Alcuni scatti delle mostre ospitate in ospedale e, in alto a destra, Bagnoli
Alcuni scatti delle mostre ospitate in ospedale e, in alto a destra, Bagnoli

Sassuolo (Modena), 9 novembre 2016 - Una signora che parlava con un lieve accento americano ha chiesto al medico che l’aveva in cura di rinviare di un giorno la seduta di chemioterapia prevista per partecipare all’inaugurazione di una delle mostre che l’aveva incantata: «Le dava sensazioni positive, la faceva sentire meglio», disse. ‘Miracoli’ dell’art-terapy praticata all’ospedale di Sassuolo, che proprio quest’anno festeggia dieci anni di VolontariArte, il nucleo che ha elaborato la rassegna di esposizioni all’interno della struttura sanitaria nata sull’intuizione che «i luoghi di cura e assistenza possano aprirsi all’esperienza artistica e dare all’ospedale una veste sempre più ‘a dimensione d’uomo’, rendendo più confortevoli i suoi ambienti».

Come spiega Luca Bagnoli, responsabile ‘Comfort alberghiero’ dell’Ospedale di Sassuolo, una figura mutuata dall’esperienza svizzera dove in alcune cliniche la cura tecnica del paziente viene affiancata all’attenzione per la qualità della pulizia, la ristorazione, il silenzio, la possibilità di parcheggio, la presenza di benefit come la televisione o l’aria condizionata. «Quando nacque l’ospedale di Sassuolo nel 2005 – racconta Bagnoli, infermiere di origine fiorentina – facevo il coordinamento caposala a Villa Fiorita e venni convocato dall’allora direttore Remo Mezzetti, personalità illuminata che pensava per Sassuolo proprio a una struttura sanitaria dal volto umano». Soprattutto all’inizio «avevamo bisogno di distinguerci e questa esigenza ha spinto me, che la amo e venendo da Firenze l’ho sempre respirata, di puntare sull’arte che, come dimostrano degli studi scientifici, nei luoghi di cura fa diminuire il tasso di esasperazione dei pazienti in attesa per esempio al pronto soccorso, distrae dai problemi, contribuisce a regolare l’umore di chi entra in una struttura di cura». Esperienze già sperimentate in ospedali come il Careggi di Firenze e di Bentivoglio (Bologna), che ha vinto anche il premio ‘Ospedale a cinque stelle’.

L’idea sarà destinata a segnare l’identità dell’ospedale di Sassuolo: in dieci anni sono state organizzate 26 mostre (i cui costi di allestimento sono stati interamente coperti dagli sponsor), complessivamente sono stati 66 gli artisti che hanno partecipato al progetto, tra cui alcuni di livello internazionale come Omar Galliani, Gavin Rain, Andrea Chiesi, Uliano Lucas e Arthur Kostner.

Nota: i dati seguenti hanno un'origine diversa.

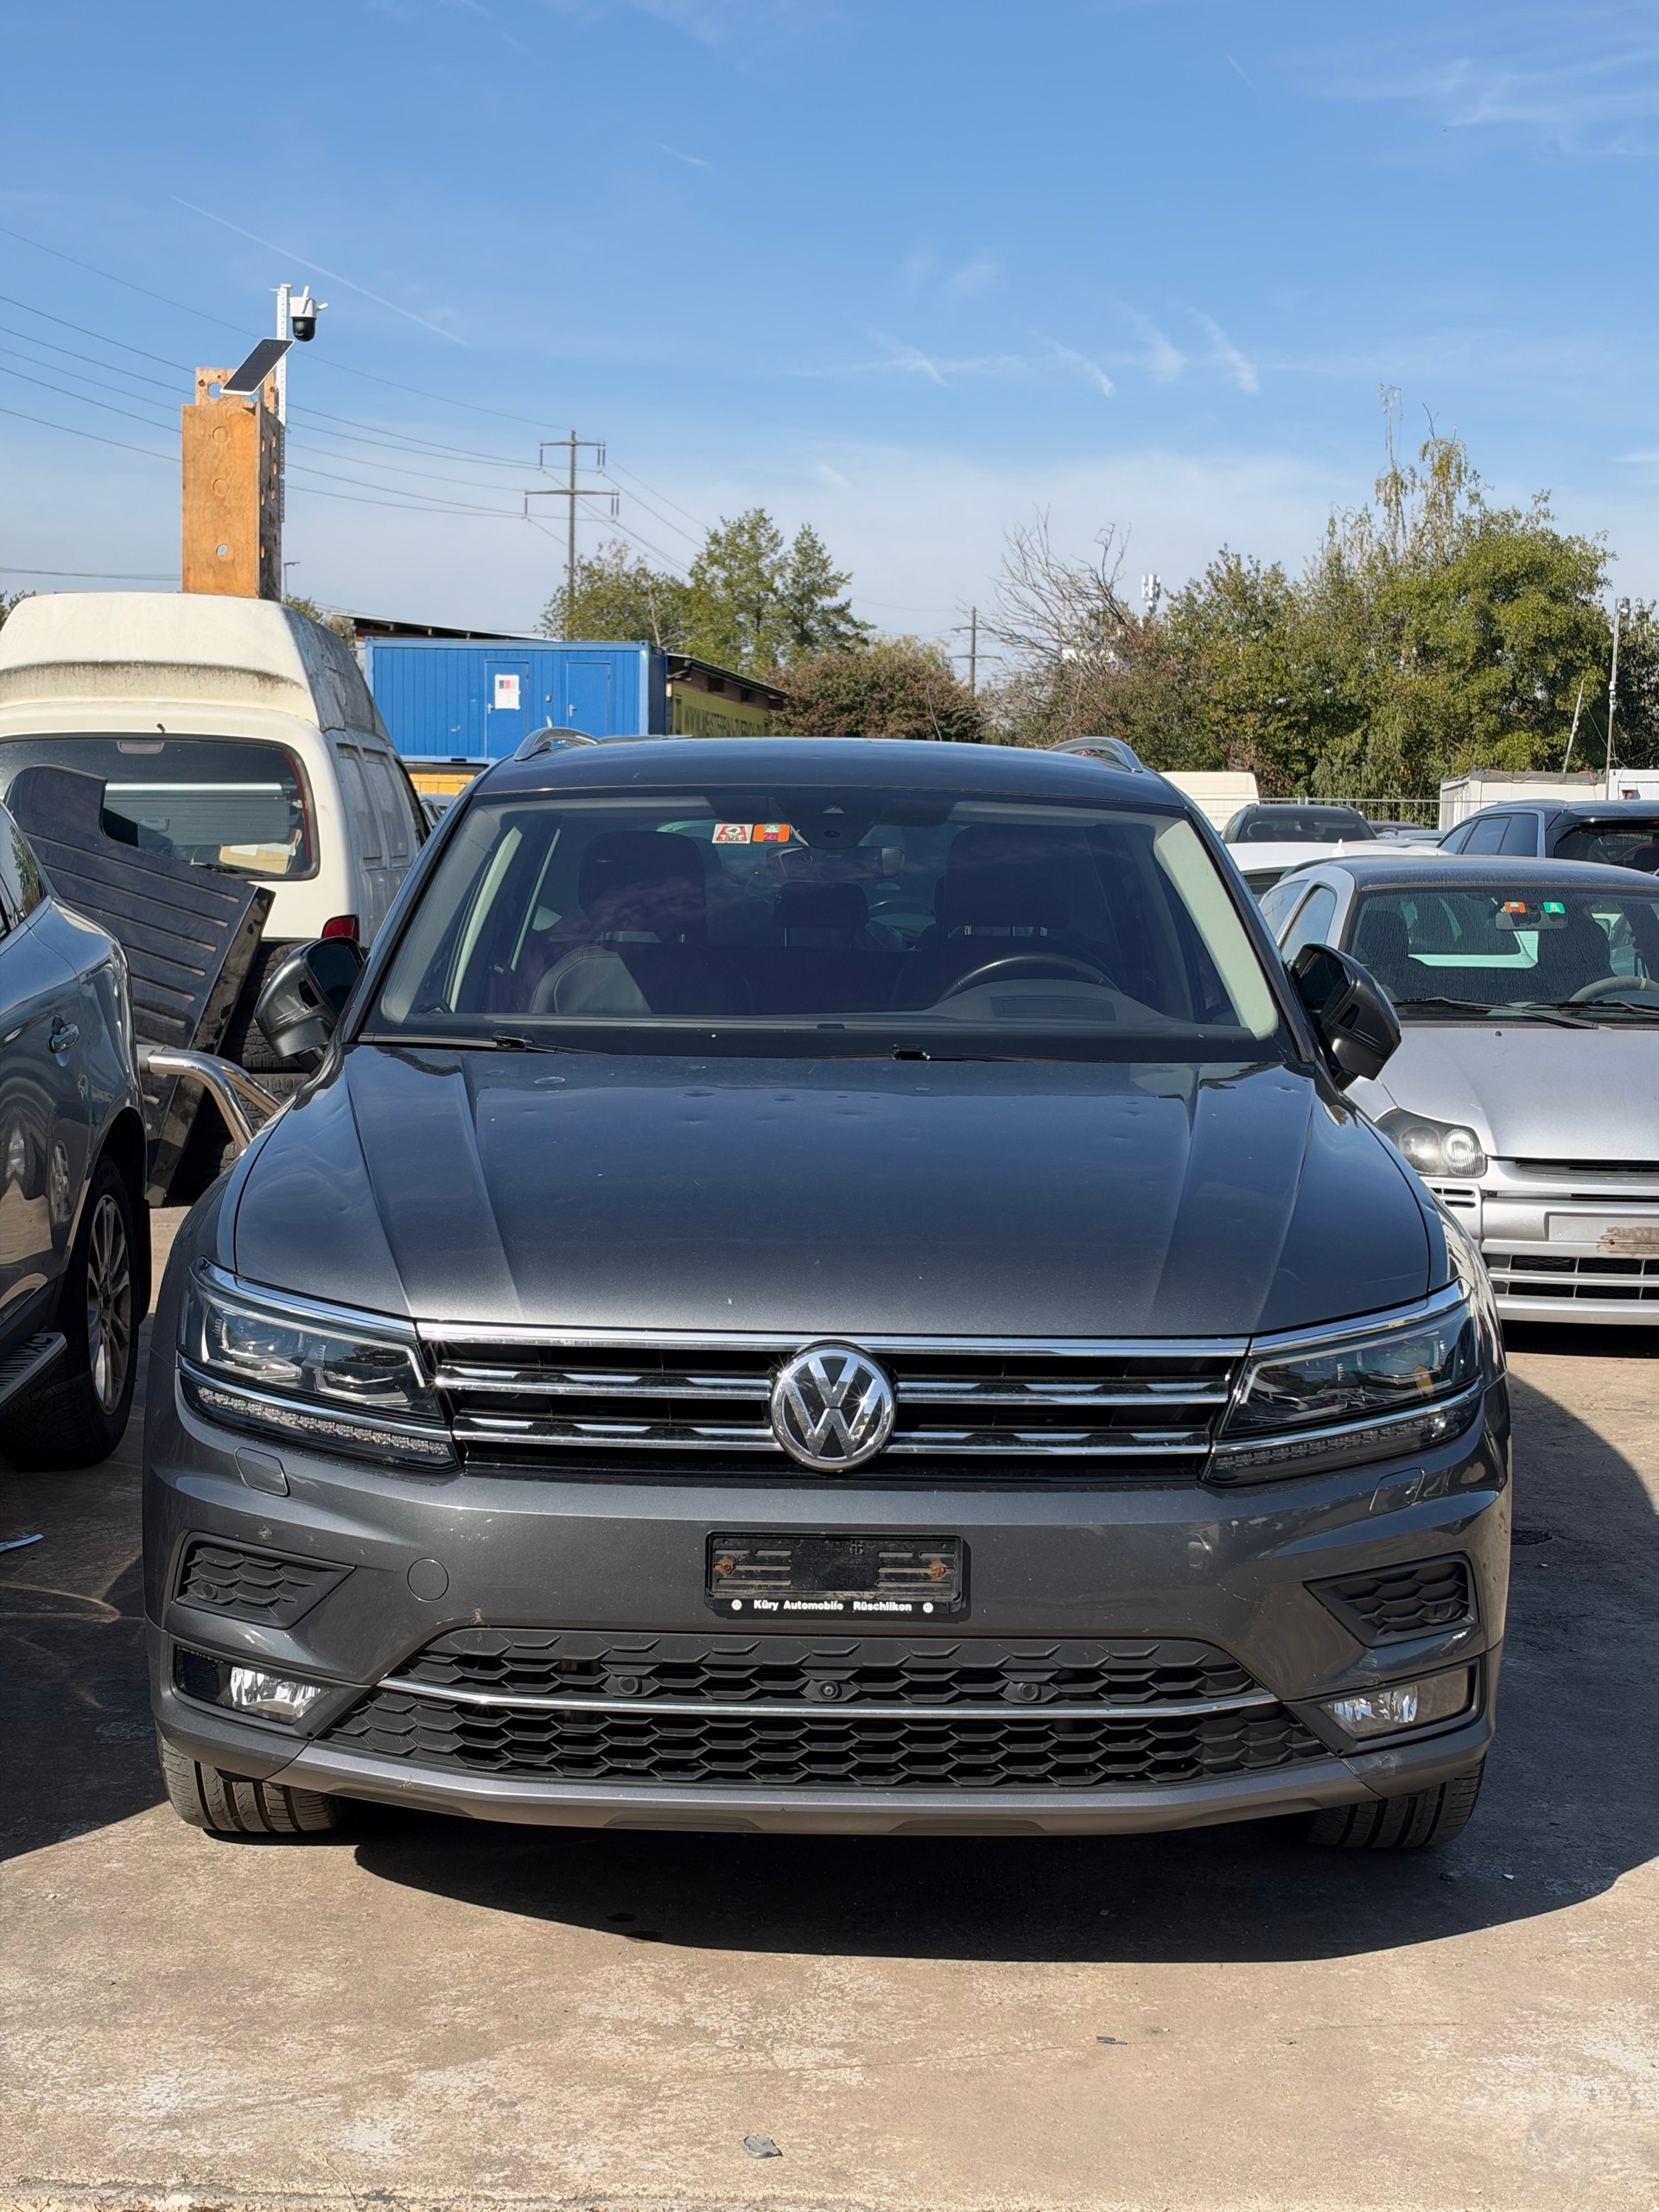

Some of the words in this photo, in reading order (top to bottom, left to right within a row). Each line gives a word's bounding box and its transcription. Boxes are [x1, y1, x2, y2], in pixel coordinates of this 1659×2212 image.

[775, 1347, 891, 1468] VW
[753, 1599, 779, 1611] Küry
[853, 1601, 912, 1611] Rüschlikon

La prima esposizione allestita, nel 2006, è stata quella dell’artista Claudio Melotti che presentava le sue sculture in ferro. «La metà degli artisti ha partecipato collaborando con le associazioni di bambini autistici, malati di Sla, Medici senza Frontiere, e finanziandone i progetti con la metà degli incassi, in alcuni casi anche il 100 per cento, delle opere vendute». Finora sono state 475 le opere d’arte presenti in ospedale a Sassuolo per 1.321 giorni di esposizione. Ad oggi ammonta a 40 mila e 500 euro la cifra devoluta in beneficenza. In questo senso VolontariArte, ha contribuito alla ricostruzione del reparto di Pediatria dell’ospedale dell’Aquila e nel post sisma della Bassa emiliana ha sostenuto le scuole medie di San Felice sul Panaro.

Il segreto di un’Art Therapy così efficace? «Uno dei problemi che si pose subito – ricorda Bagnoli – era capire come selezionare le opere. L’unico criterio che abbiamo sempre seguito è stato quello di scegliere la qualità, distinguendo l’arte, che deve produrre un’emozione, dall’artigianato, che deve produrre delle cose. La storia artistica dell’ospedale di Sassuolo continua e per il futuro stiamo pensando di allestire sempre di più mostre a tema etico, che trattino dal ripudio della guerra al no alla violenza conro le donne».